Instructions to follow> You are asked to reproduce the listing exactly and to omit its pictures.

[Supplied data — start]

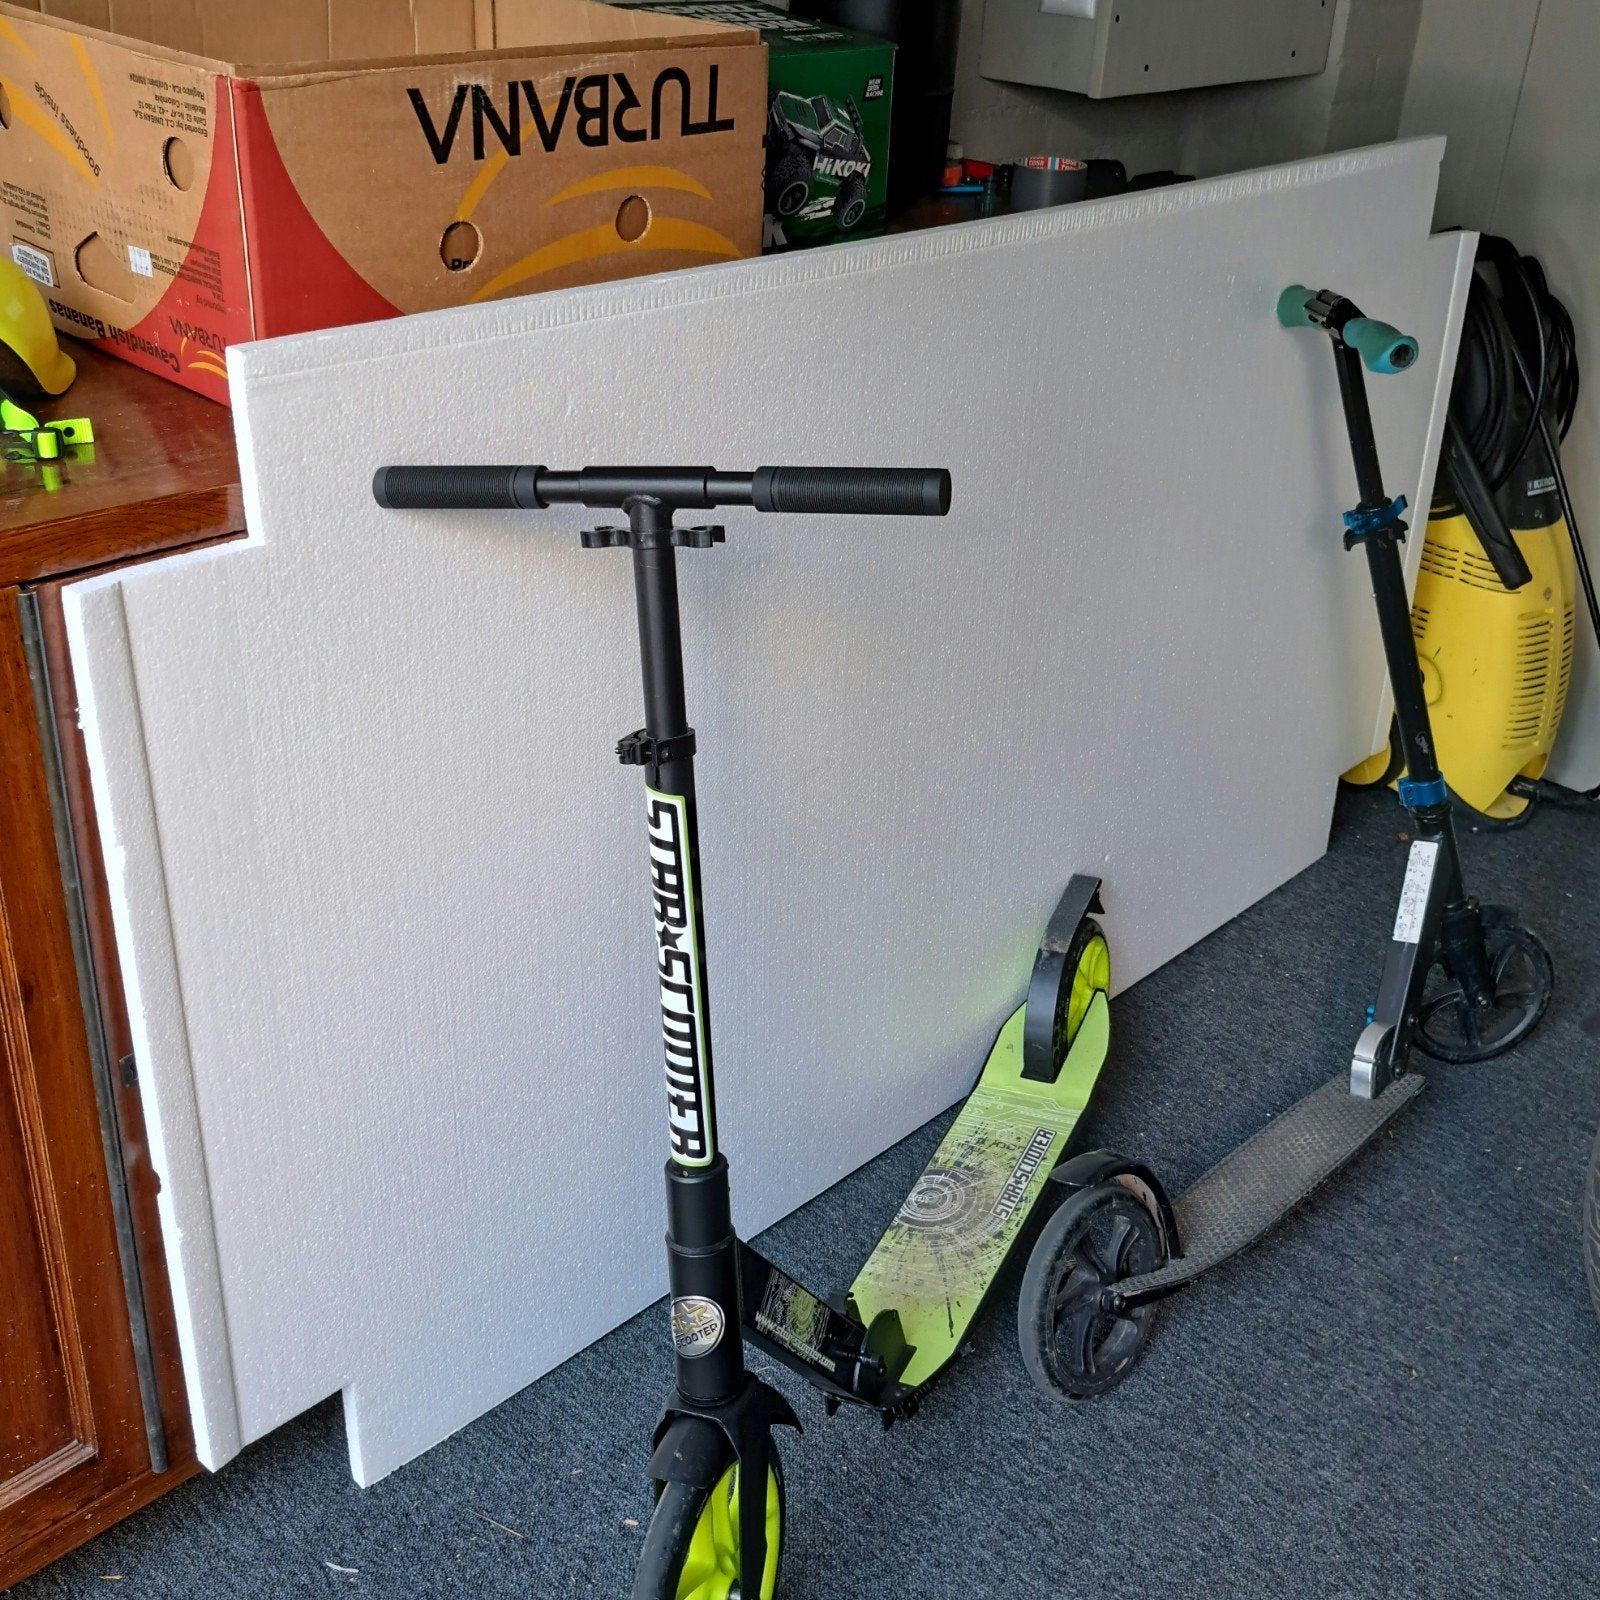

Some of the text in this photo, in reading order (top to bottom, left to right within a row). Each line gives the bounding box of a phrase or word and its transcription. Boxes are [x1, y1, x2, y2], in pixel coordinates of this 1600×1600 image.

[35, 82, 101, 177] goodness inside
[406, 64, 735, 165] TURBANA
[49, 298, 181, 373] Cavendish Bananas
[646, 799, 707, 1160] STAR SCOOTER
[676, 1323, 718, 1349] SCOOTER

[Supplied data — finish]

Answer to the exercise>
Some of the text in this photo, in reading order (top to bottom, left to right within a row). Each line gives the bounding box of a phrase or word and its transcription. Boxes are [x1, y1, x2, y2], in pixel coordinates of this 1600×1600 image.

[35, 82, 101, 177] goodness inside
[406, 64, 735, 165] TURBANA
[49, 298, 181, 373] Cavendish Bananas
[646, 799, 707, 1160] STAR SCOOTER
[676, 1323, 718, 1349] SCOOTER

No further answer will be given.